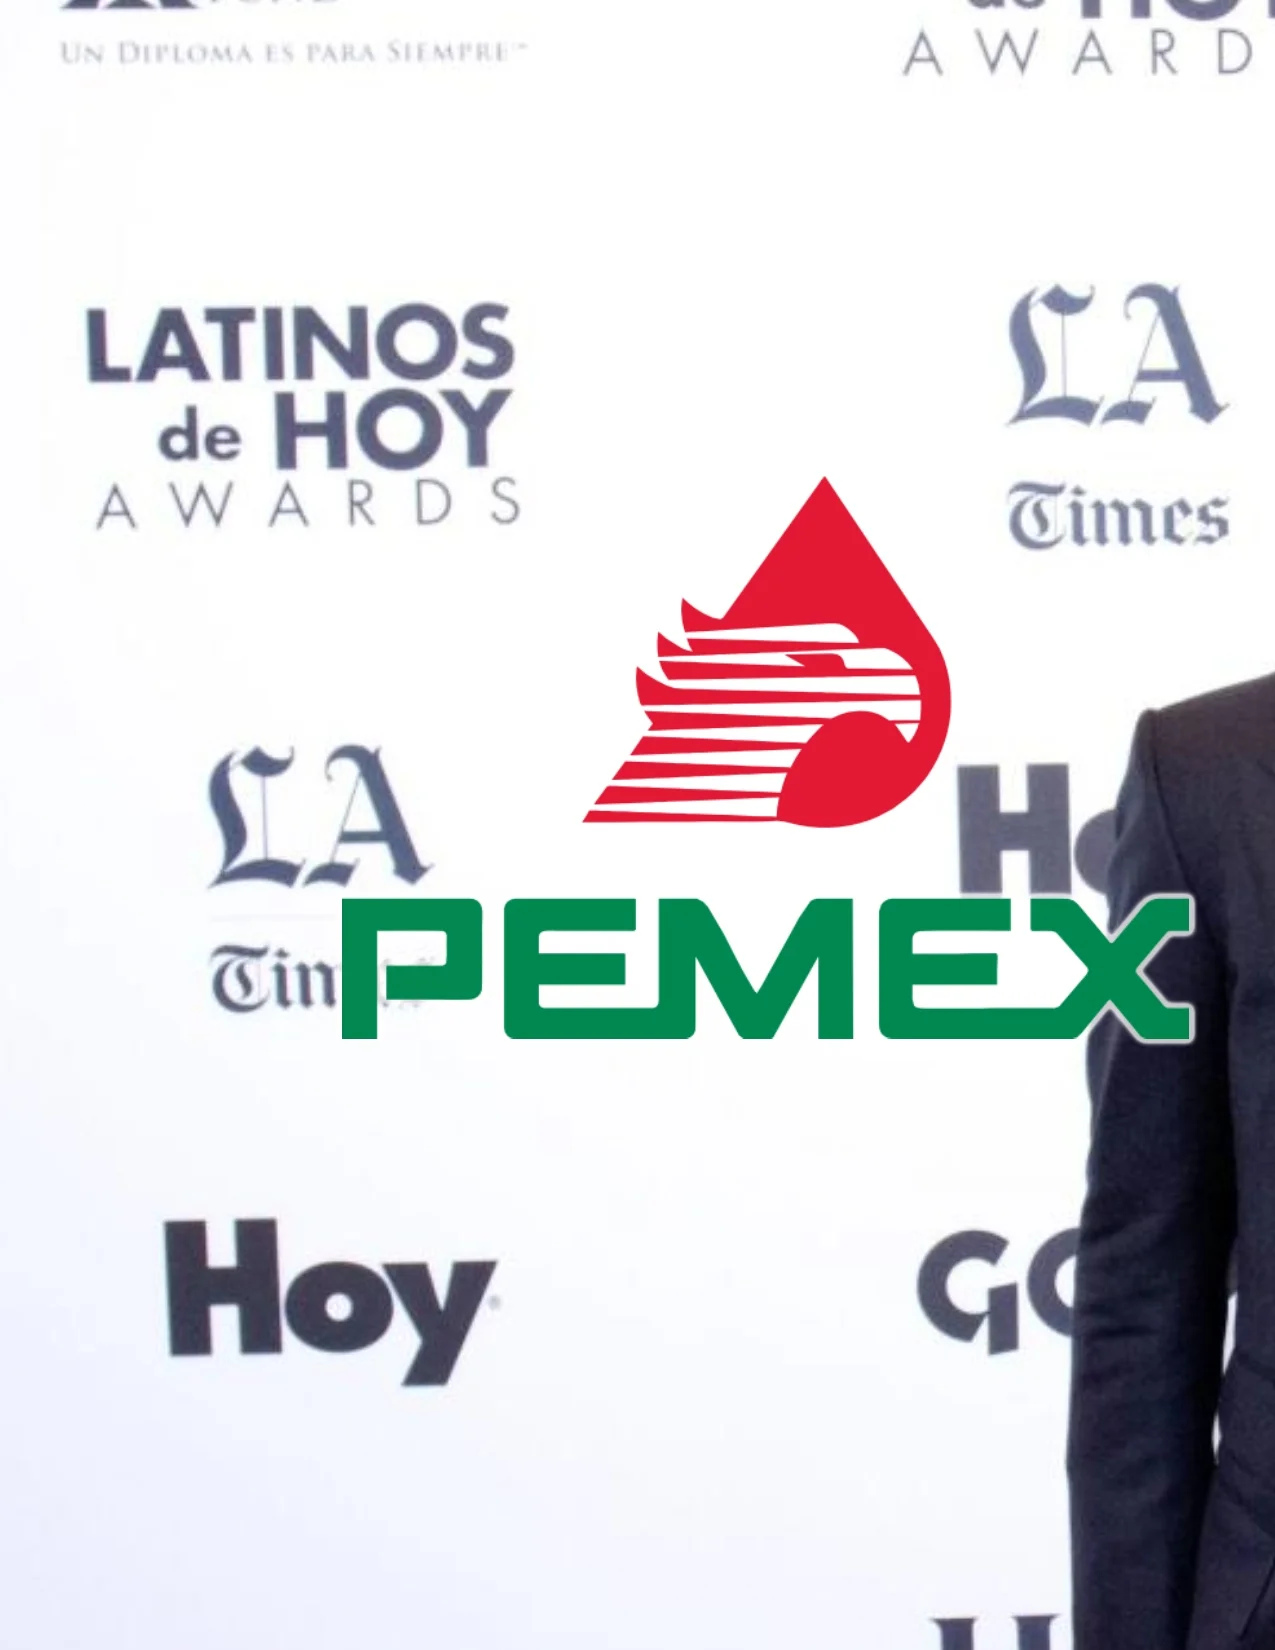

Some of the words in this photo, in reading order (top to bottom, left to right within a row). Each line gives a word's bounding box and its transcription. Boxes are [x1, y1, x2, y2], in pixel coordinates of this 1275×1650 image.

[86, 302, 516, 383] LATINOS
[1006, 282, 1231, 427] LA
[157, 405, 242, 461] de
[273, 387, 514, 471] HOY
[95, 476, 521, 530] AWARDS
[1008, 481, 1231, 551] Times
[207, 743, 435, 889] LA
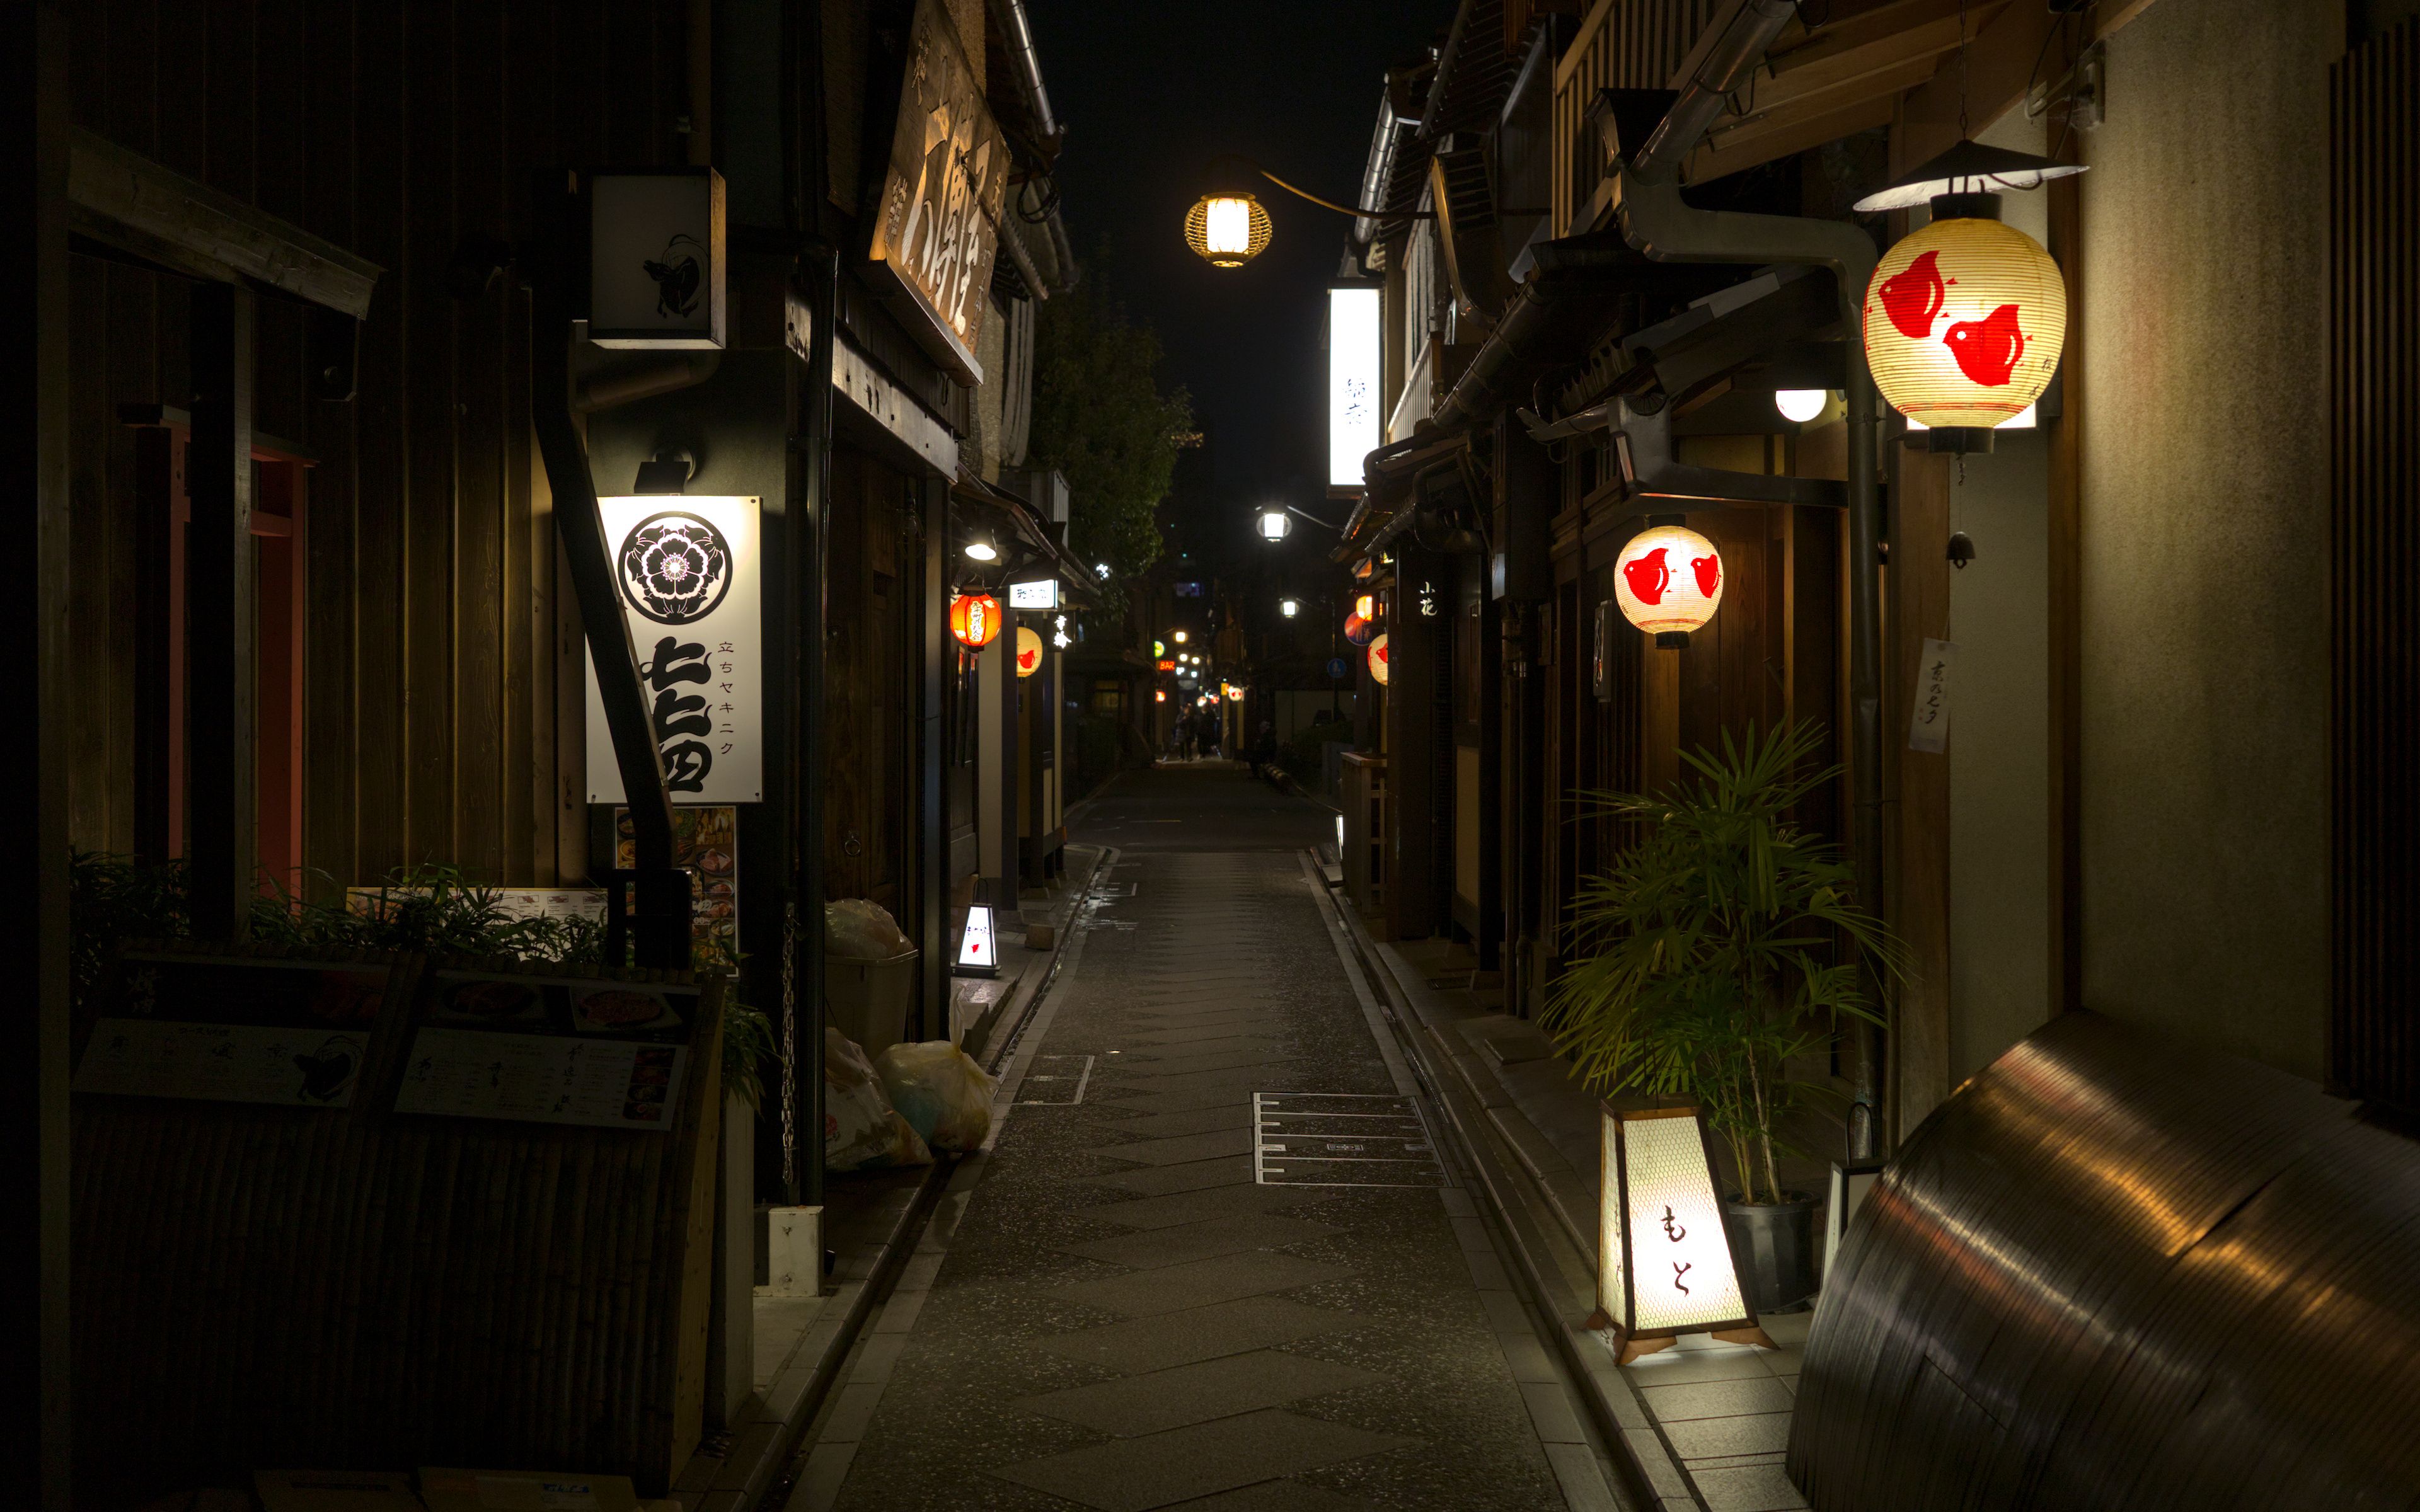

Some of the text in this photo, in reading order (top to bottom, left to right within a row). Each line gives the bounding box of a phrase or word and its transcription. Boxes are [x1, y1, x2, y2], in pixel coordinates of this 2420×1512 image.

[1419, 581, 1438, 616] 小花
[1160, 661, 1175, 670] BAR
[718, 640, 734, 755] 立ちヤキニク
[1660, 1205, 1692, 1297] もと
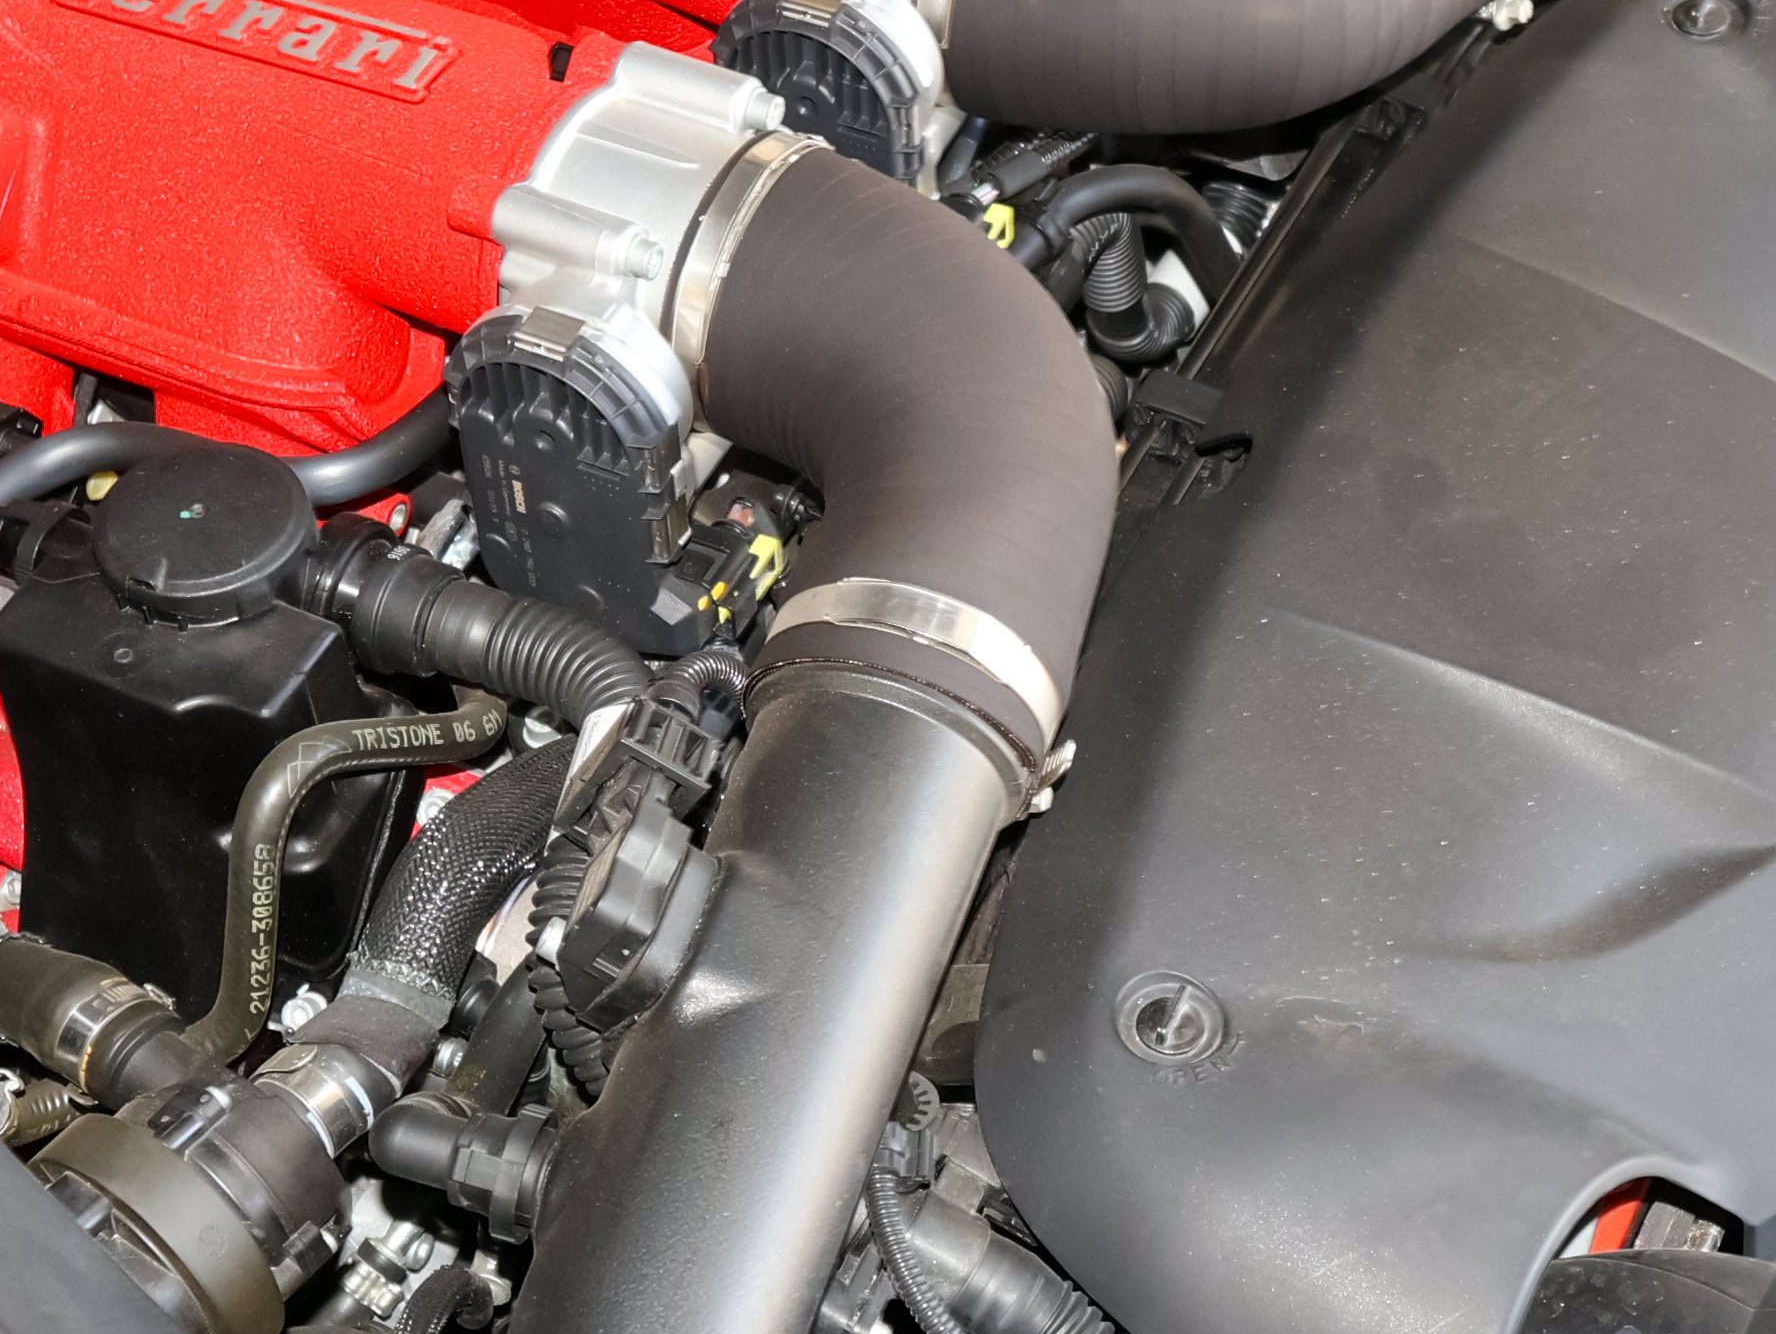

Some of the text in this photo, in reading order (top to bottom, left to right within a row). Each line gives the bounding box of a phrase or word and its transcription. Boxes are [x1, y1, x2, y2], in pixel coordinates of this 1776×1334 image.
==============================
Goal of the exercise
What is needed is the listing above, repeated verbatim, without its images.

Solution for this exercise
Some of the words in this photo, in reading order (top to bottom, left to right within a row). Each line gives a word's bounding box and its transcription. Boxes are [x1, y1, x2, y2], in pixel coordinates of this 1275×1650 image.

[86, 302, 516, 383] LATINOS
[1006, 282, 1231, 427] LA
[157, 405, 242, 461] de
[273, 387, 514, 471] HOY
[95, 476, 521, 530] AWARDS
[1008, 481, 1231, 551] Times
[207, 743, 435, 889] LA

Some of the text in this photo, in reading order (top to bottom, left to right within a row). Each line gives the bounding box of a phrase or word and its transcription. Boxes are [x1, y1, x2, y2], in pixel coordinates of this 2420×1512 image.

[1419, 581, 1438, 616] 小花
[1160, 661, 1175, 670] BAR
[718, 640, 734, 755] 立ちヤキニク
[1660, 1205, 1692, 1297] もと

Some of the text in this photo, in reading order (top to bottom, left to right within a row). Each line gives the bounding box of a phrase or word and its transcription. Boxes are [x1, y1, x2, y2], in pixel coordinates of this 1776×1334 image.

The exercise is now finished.